Interview: Stuart Semple on Pantone, Freetone, Colour, And Open Source

We recently covered the removal of Pantone colour support from the Adobe cloud products, with the two companies now expecting artists and designers to pay an extra subscription for a Pantone plugin or face losing their Pantone-coloured work to a sea of black blocks. Our coverage focused on our community, and on how the absurdity of a commercial entity attempting to assert ownership over colours would have no effect on us with our triple-byte RGB values.


Interview With An Artist And Pigment Activist


The palette that could start a revolution.

It’s fair to say though that in our focus on hardware hackers and open source enthusiasts, we missed its effect on artists and designers. To rectify this omission we needed to step outside our field and talk to an artist, and in that context there’s an obvious person to interview.

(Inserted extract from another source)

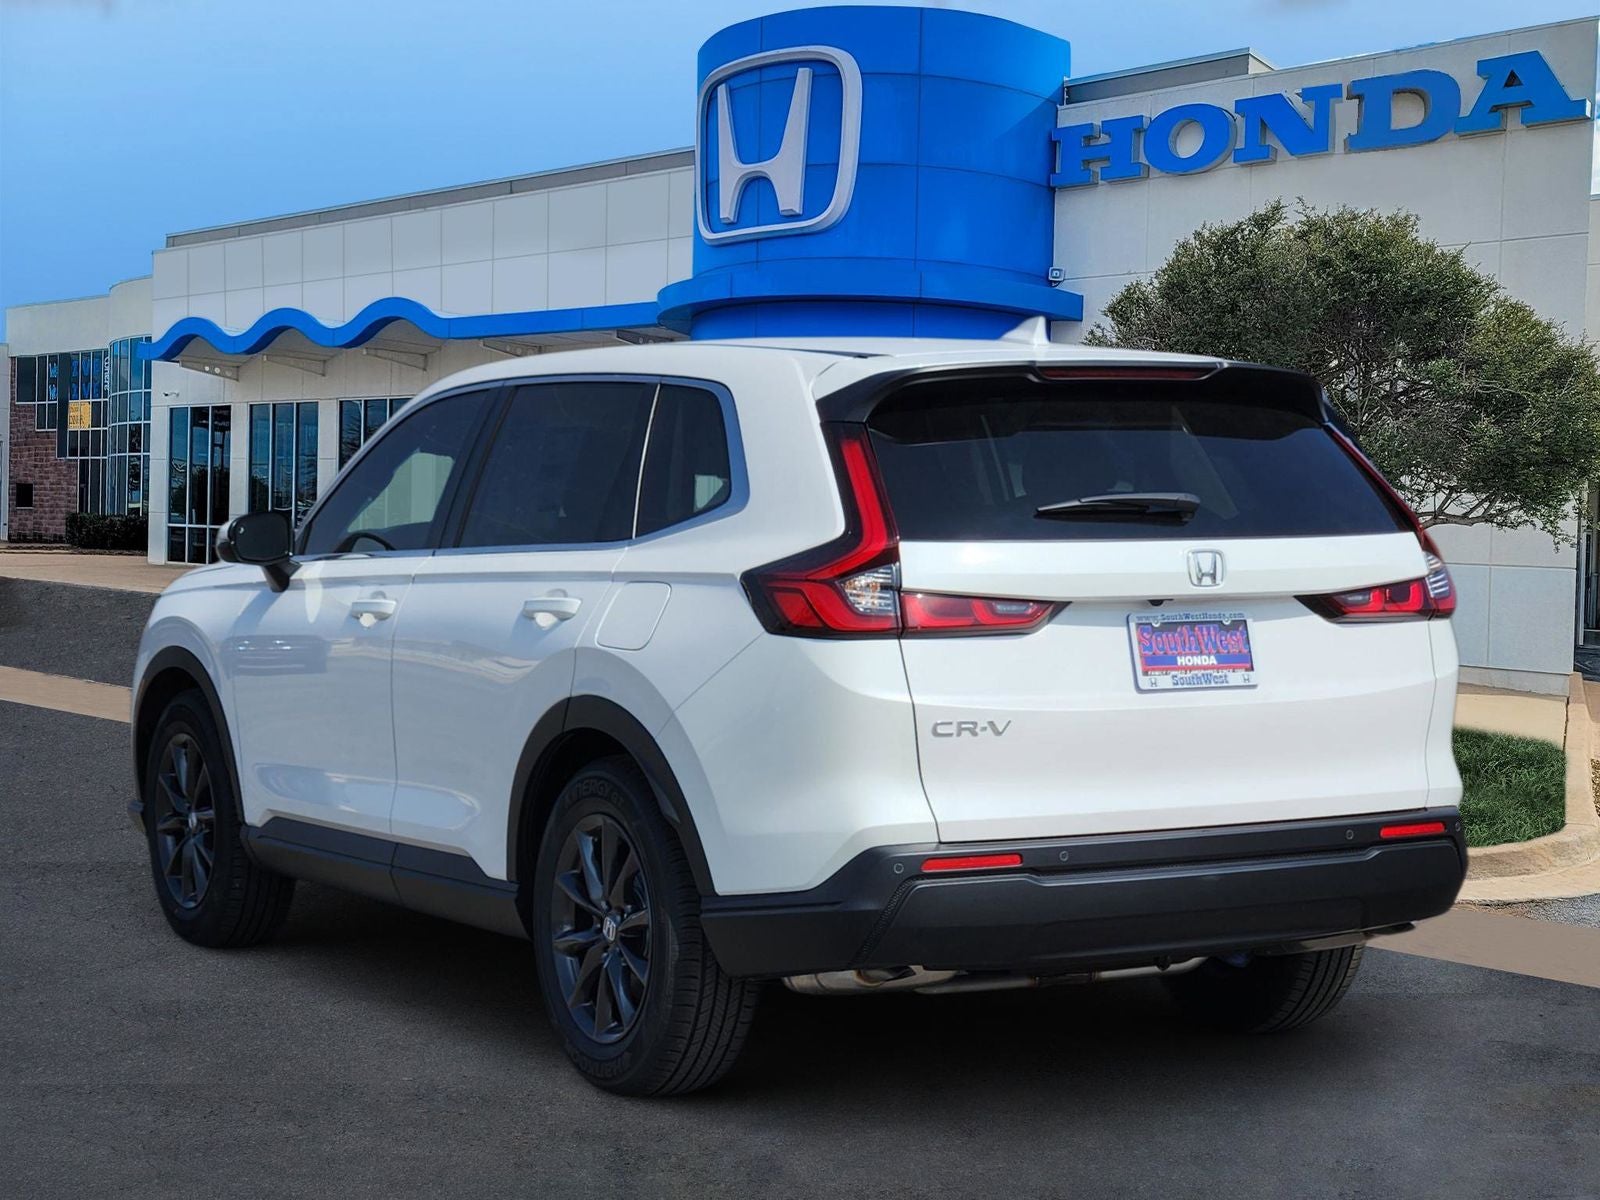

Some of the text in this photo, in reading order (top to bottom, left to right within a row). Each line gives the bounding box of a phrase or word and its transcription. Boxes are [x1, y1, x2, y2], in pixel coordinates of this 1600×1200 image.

Stuart Semple is probably one of the more famous contemporary British artists, but in relation to this story it’s his activism over the issue of colours and intellectual property that makes him an authority. He’s drawn attention to the issue by releasing his own art materials in colours that directly challenge those which companies have tried to claim for themselves, and is perhaps best known in our community for challenging Anish Kapoor’s exclusive licence for VantaBlack, the so-called “world’s blackest pigment”.


Most recently in response to the Adobe/Pantone controversy he’s released Freetone, a free plugin for the Adobe suite that in the ..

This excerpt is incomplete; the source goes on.